*** Opening Task material ***
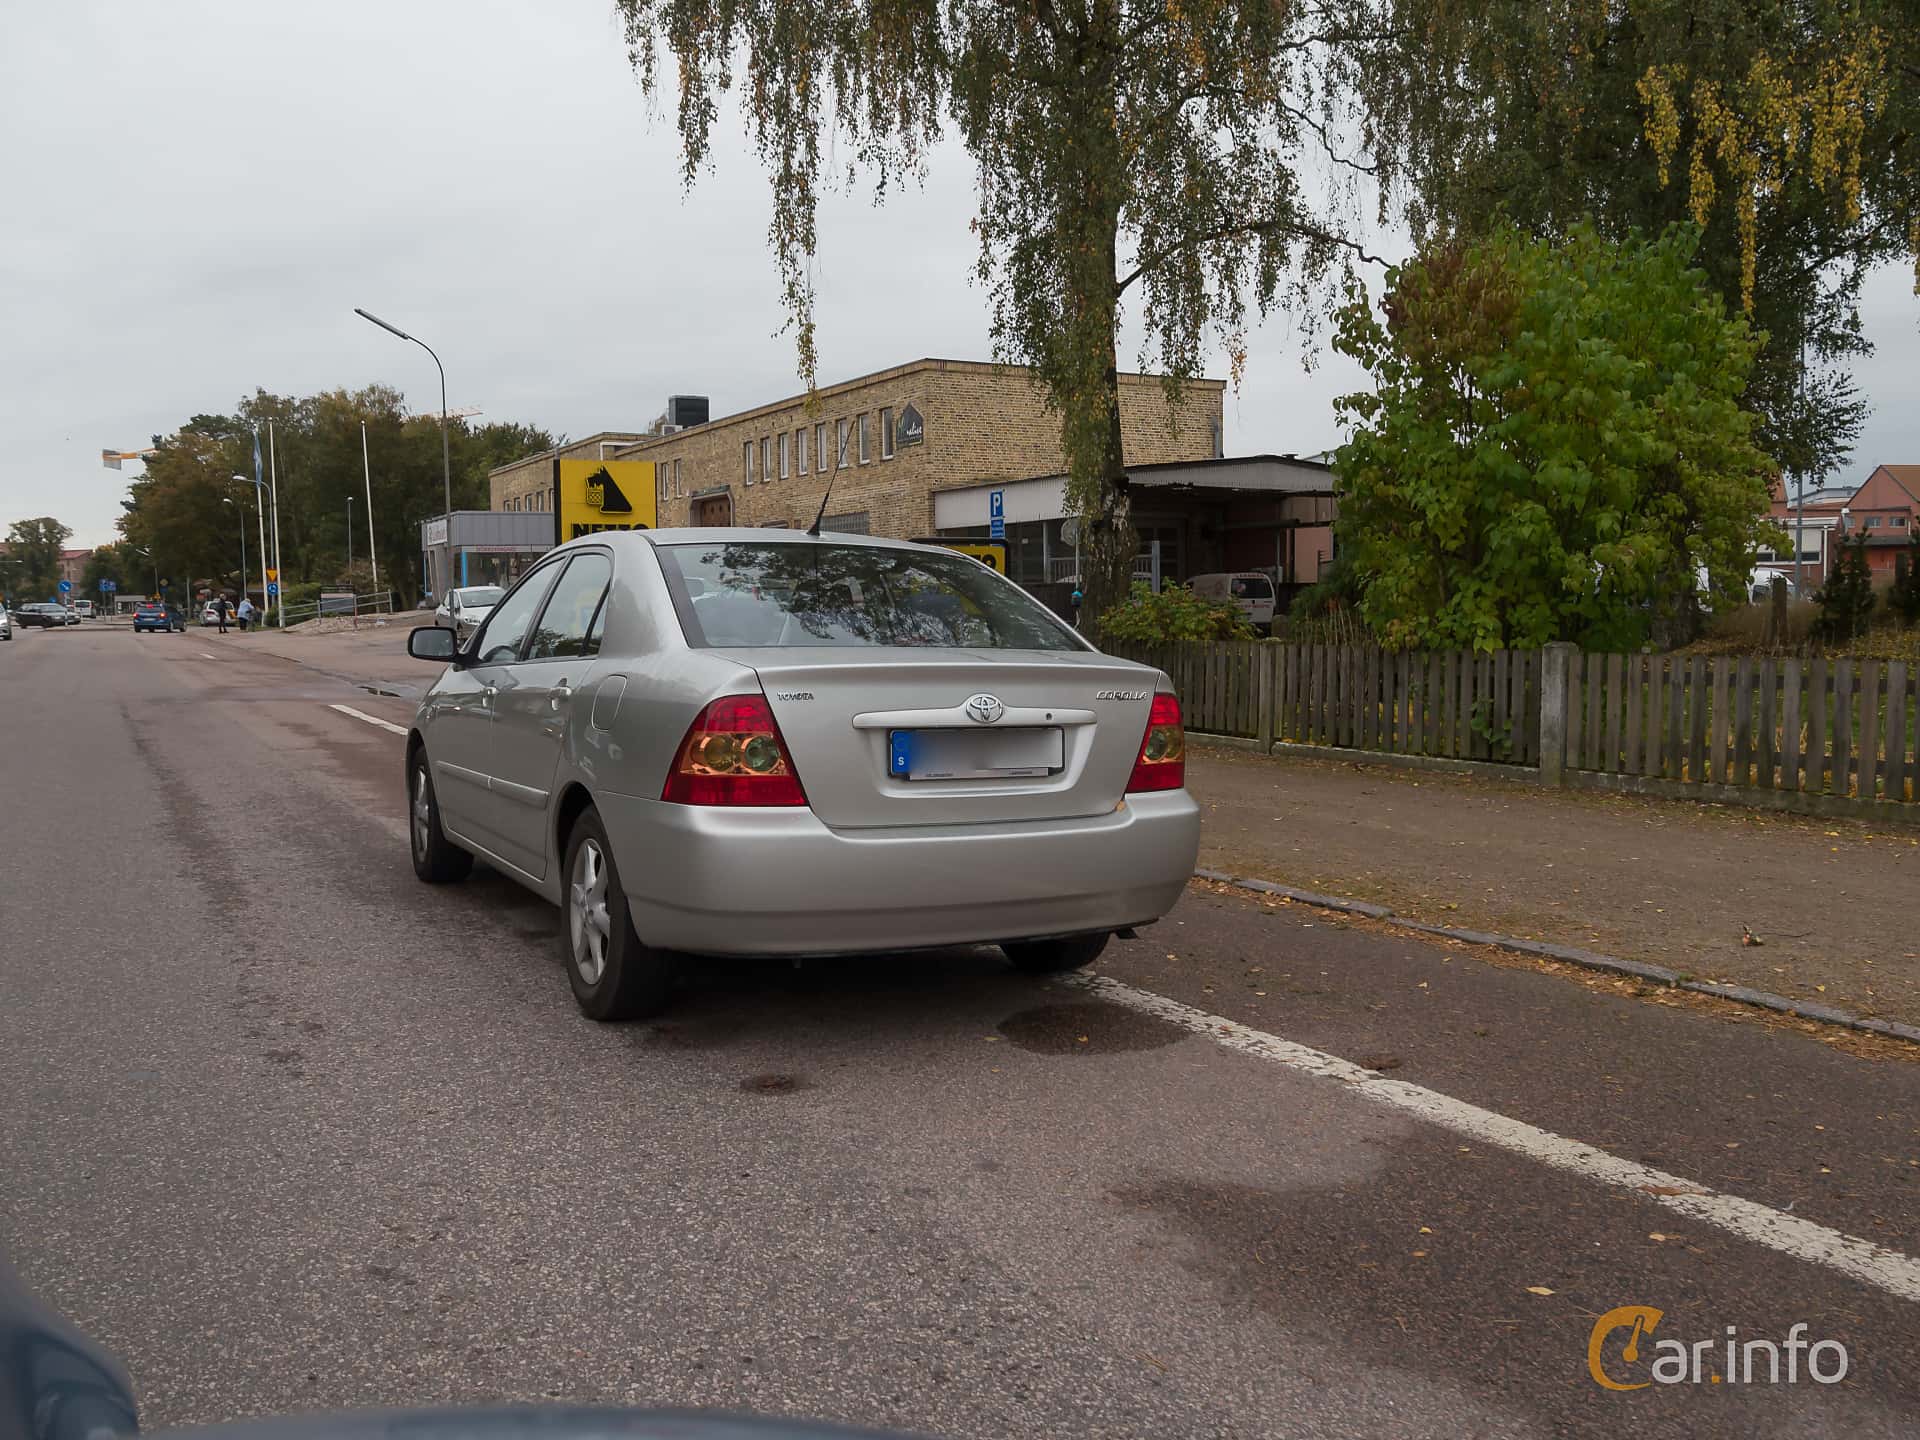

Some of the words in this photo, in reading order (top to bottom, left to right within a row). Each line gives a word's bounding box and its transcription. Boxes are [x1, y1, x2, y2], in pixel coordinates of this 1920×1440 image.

[993, 494, 1001, 516] P
[777, 691, 814, 701] TOYOTA
[1096, 690, 1148, 701] COROLLA
[898, 756, 905, 766] S
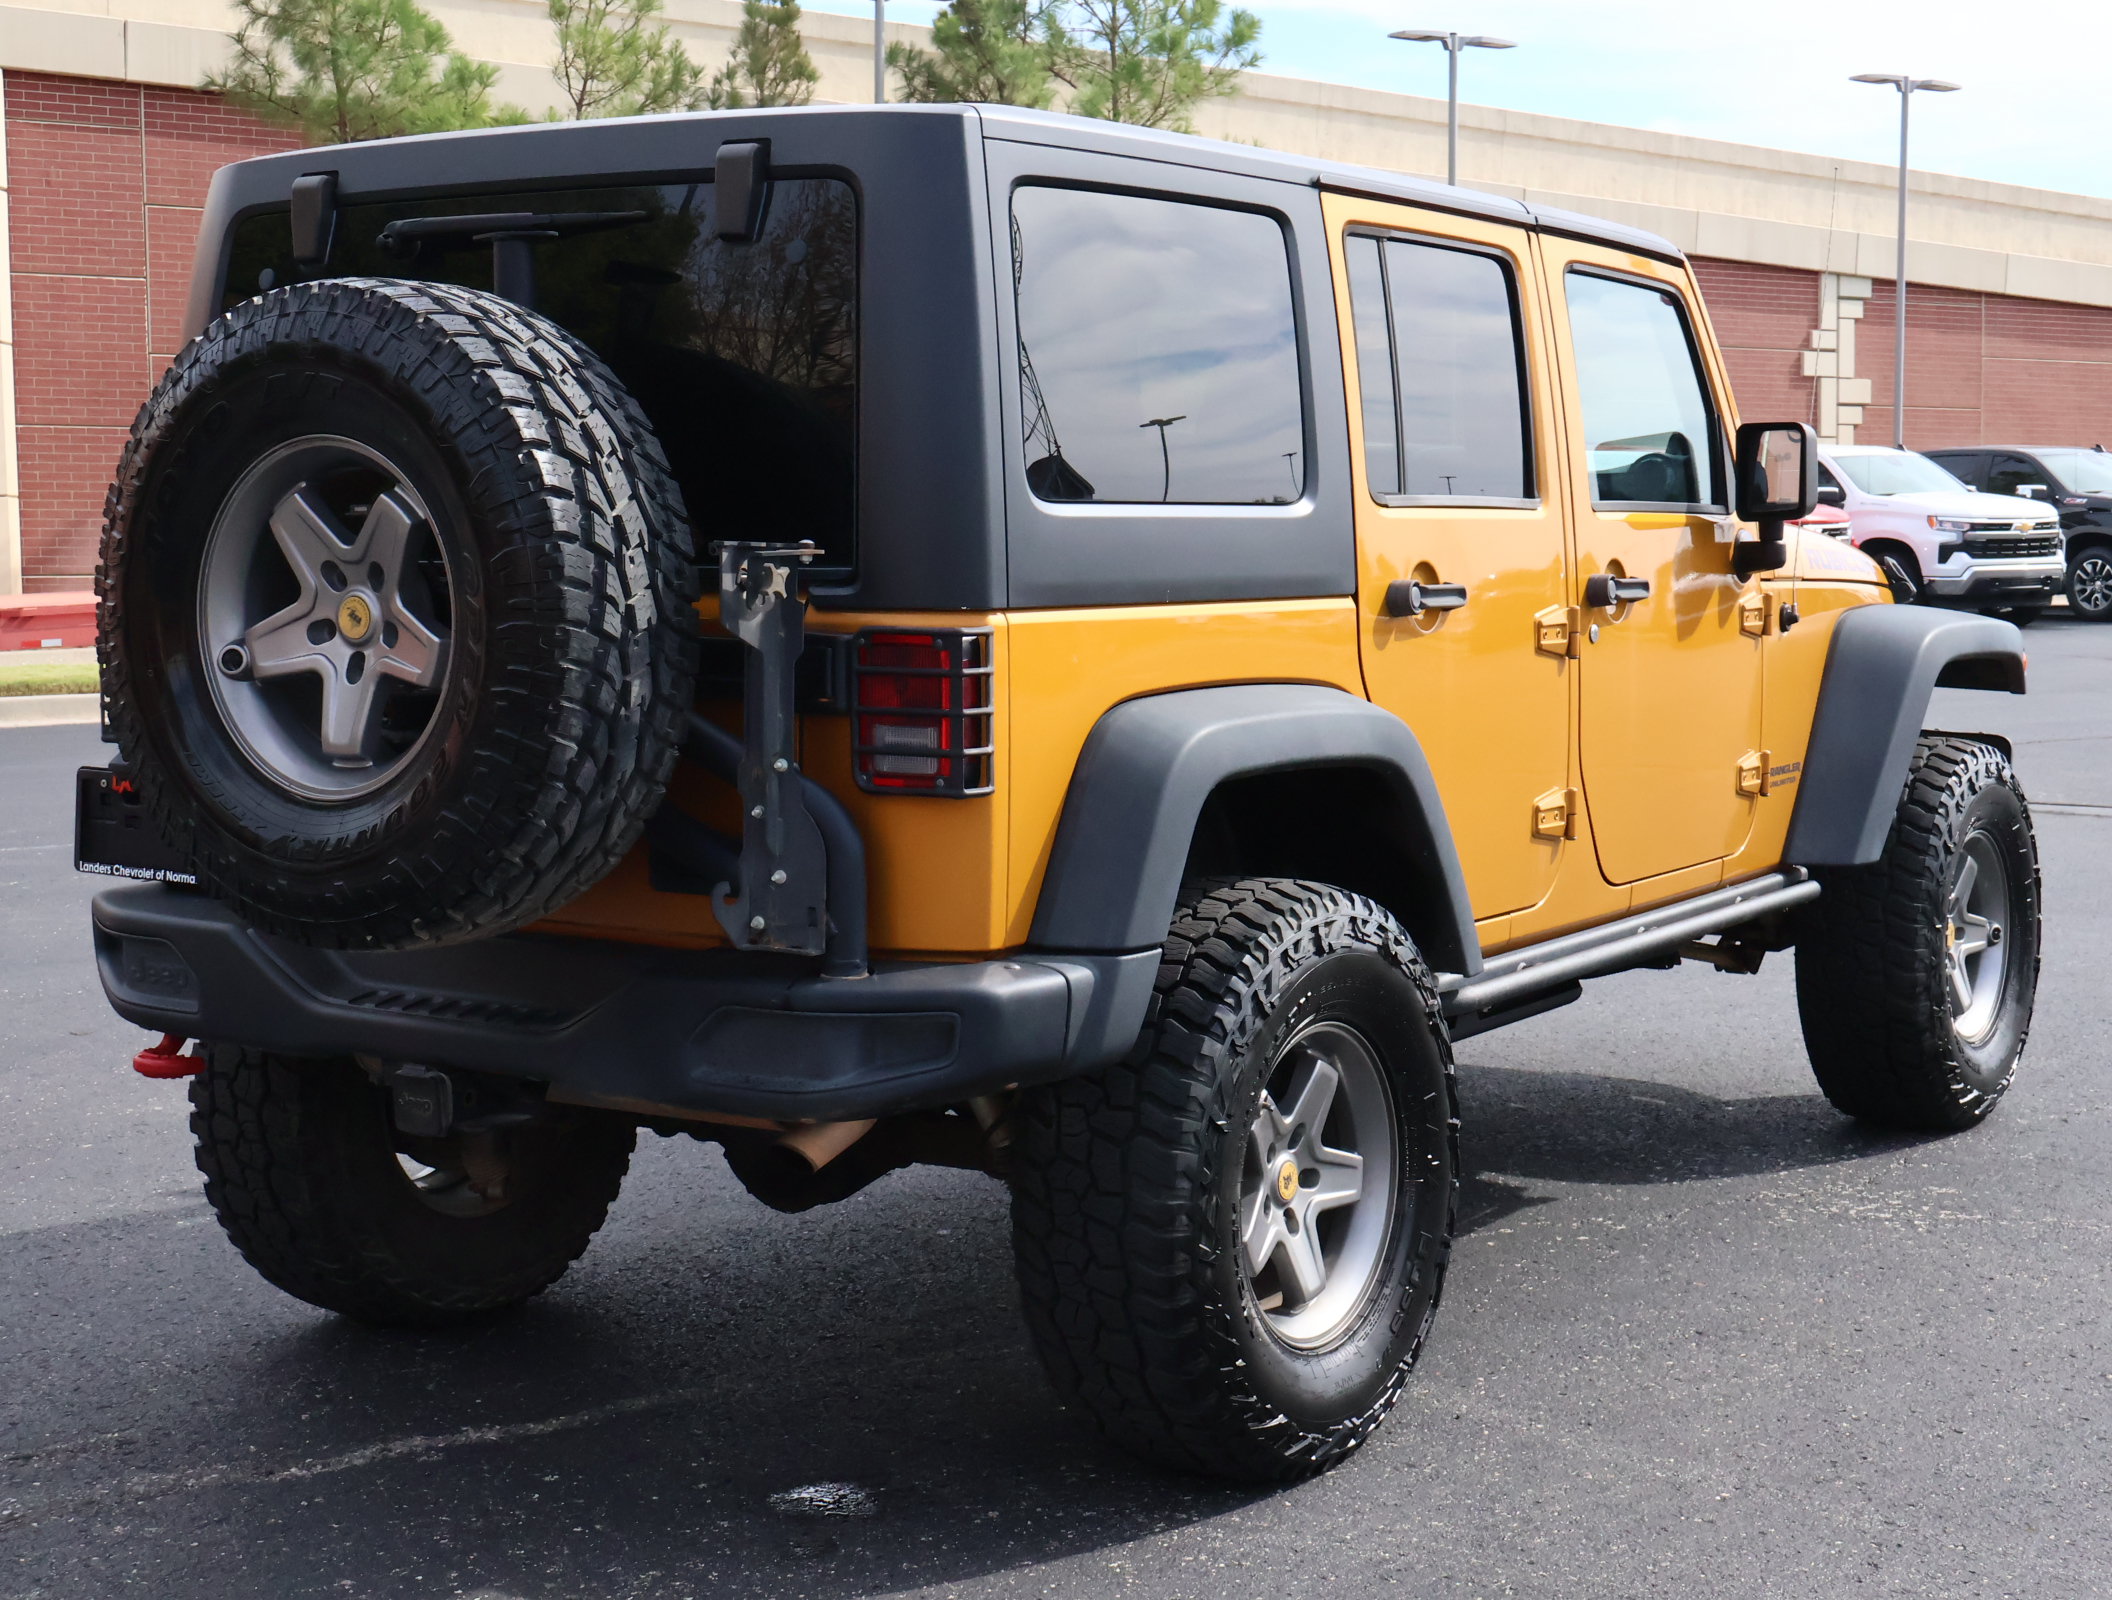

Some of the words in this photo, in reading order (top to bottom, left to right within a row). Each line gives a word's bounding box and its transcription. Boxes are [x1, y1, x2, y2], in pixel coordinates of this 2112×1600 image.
*** Closing Task material ***
Work instruction
Repeat the records word for word, skipping pictures.

Final answer
Some of the words in this photo, in reading order (top to bottom, left to right within a row). Each line gives a word's bounding box and its transcription. Boxes are [x1, y1, x2, y2], in pixel coordinates of this 1920×1440 image.

[993, 494, 1001, 516] P
[777, 691, 814, 701] TOYOTA
[1096, 690, 1148, 701] COROLLA
[898, 756, 905, 766] S

Some of the words in this photo, in reading order (top to bottom, left to right within a row). Each line gives a word's bounding box and its transcription. Boxes are [x1, y1, x2, y2], in pixel coordinates of this 2112×1600 image.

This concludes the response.